Question

List the possible zeros of the polynomial: 2x^3+5x^2-31x-15

Answer 1

We want to list the possible zeros of
f(x) = 2x³ + 5x² - 31x - 15
There are 3 possible zeros because the polynomial is of degree 3.

There is one change in sign, so there is one real positive zero according to Descartes' Rule of Signs
f(-x) = -2x³ + 5x² + 31x - 15
There are two changes in sign, so there are 2 real negative zeros.

According to the Rational Zeros Theorem, if f(a) = 0, then x=a is a zero of f(x).
A graph of f(x) reveals that there are indeed three real zeros (one positive, two negative) as expected, but no integral zeros of f(x) exist.

Answer: 
The zeros are approximately x = -5.25, -0.5, and 3.1.

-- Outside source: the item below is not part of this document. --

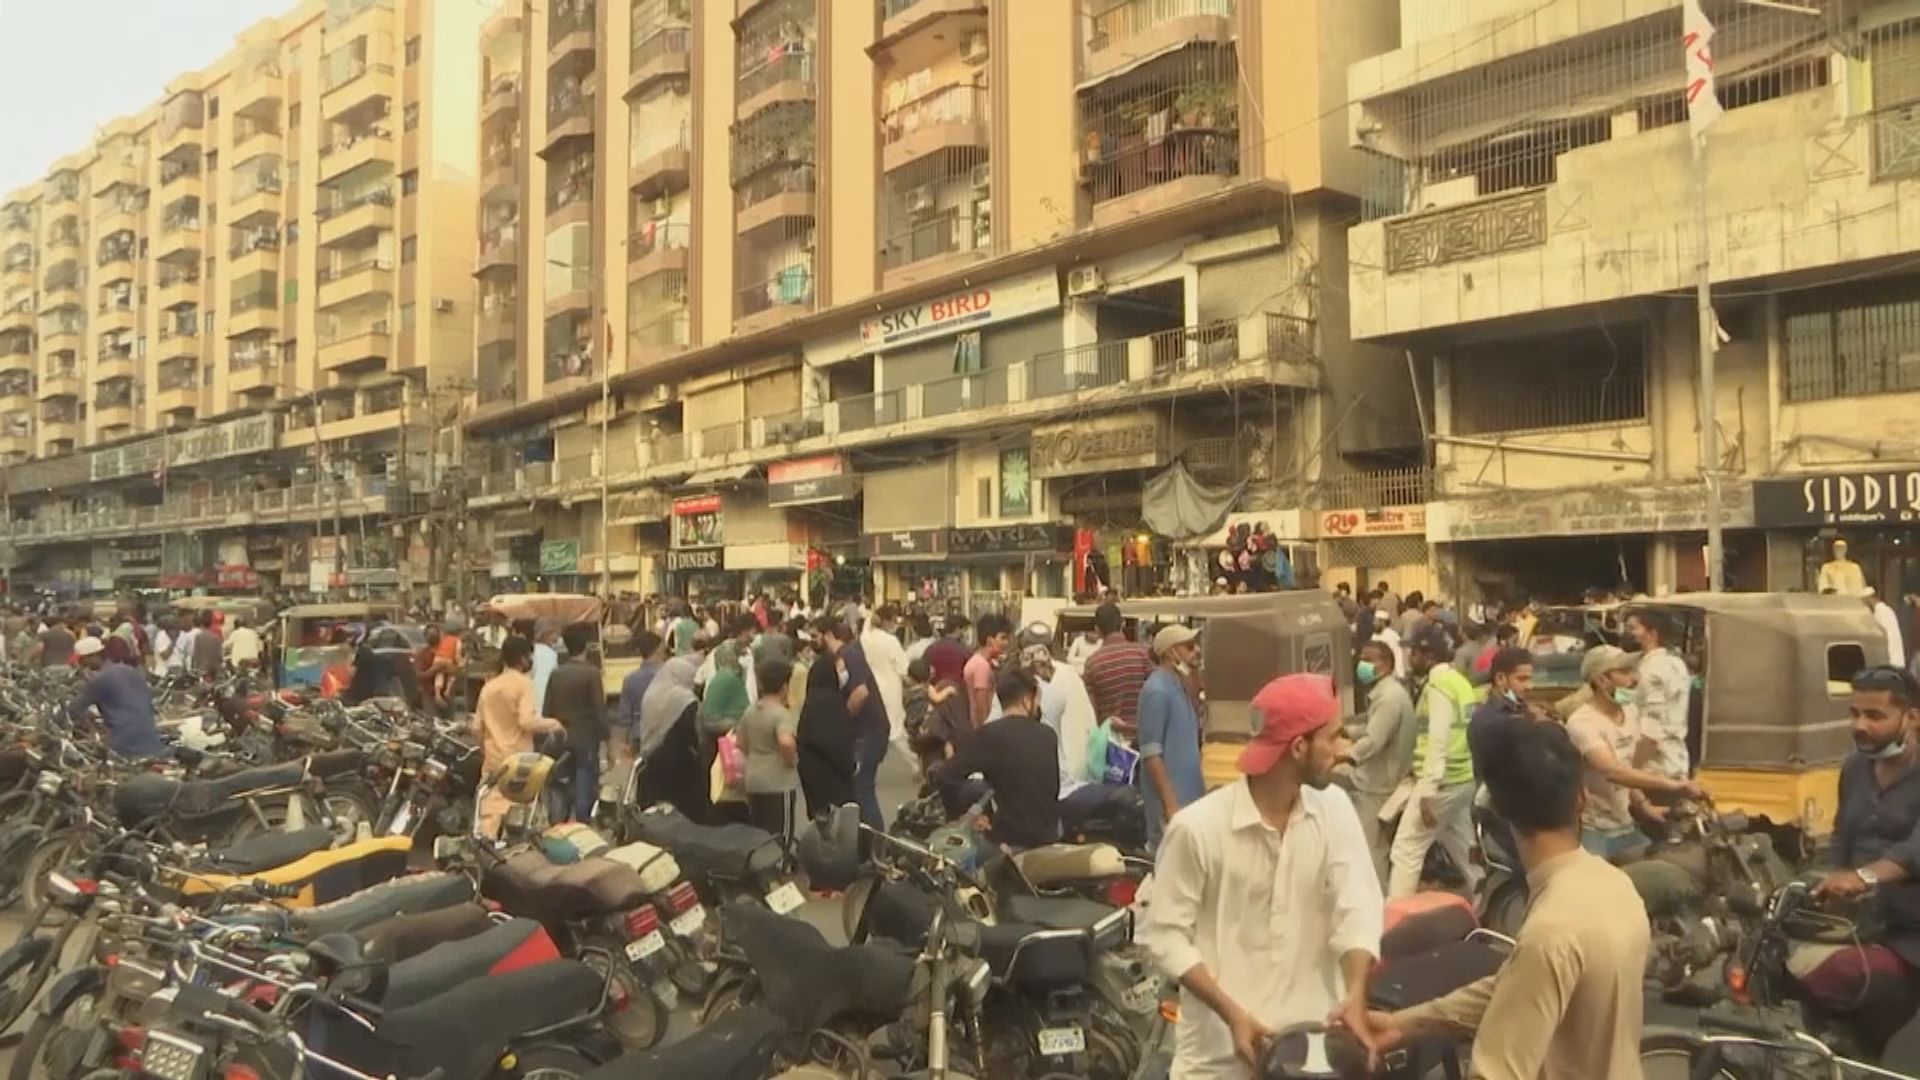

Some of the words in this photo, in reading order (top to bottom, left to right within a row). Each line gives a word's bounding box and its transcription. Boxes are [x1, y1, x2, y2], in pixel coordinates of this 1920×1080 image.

[881, 305, 922, 334] SKY
[931, 287, 991, 321] BIRD
[680, 551, 716, 569] DINERS

Note (If you know calculus):
The zeros are in the vicinity of x = -5.25, -0.5, 3.1.
To estimate them accurately, we can use the Newton-Raphson formula. That is,
$x_{n+1} = x_{n} - \frac{f(x_{n})}{f'(x_{n})} , \, n=0,1,2, \, ..., \\ where \\ f'(x) = 6x^{2} + 10x - 31$
For each zero, set x₀ = -5.25, -0.5, 3.1 for the teratons.
Results:
1st zero:
   n=0,  x= -5.2277
   n=1,   x= -5.2025
   n=2,  x= -5.2023
   n=3,  x= -5.2023  (converged)
2nd zero:
  n=0,  x= -0.4565
  n=1,   x= -0.4564
  n=2,  x= -0.4564 (converged)
3rd zero:
  n=0, x= 3.1601
  n=1,  x= 3.1587
  n=2,  x= 3.1587  (converged)

The zeros are -5.2023, -0.4564, and 3.1587.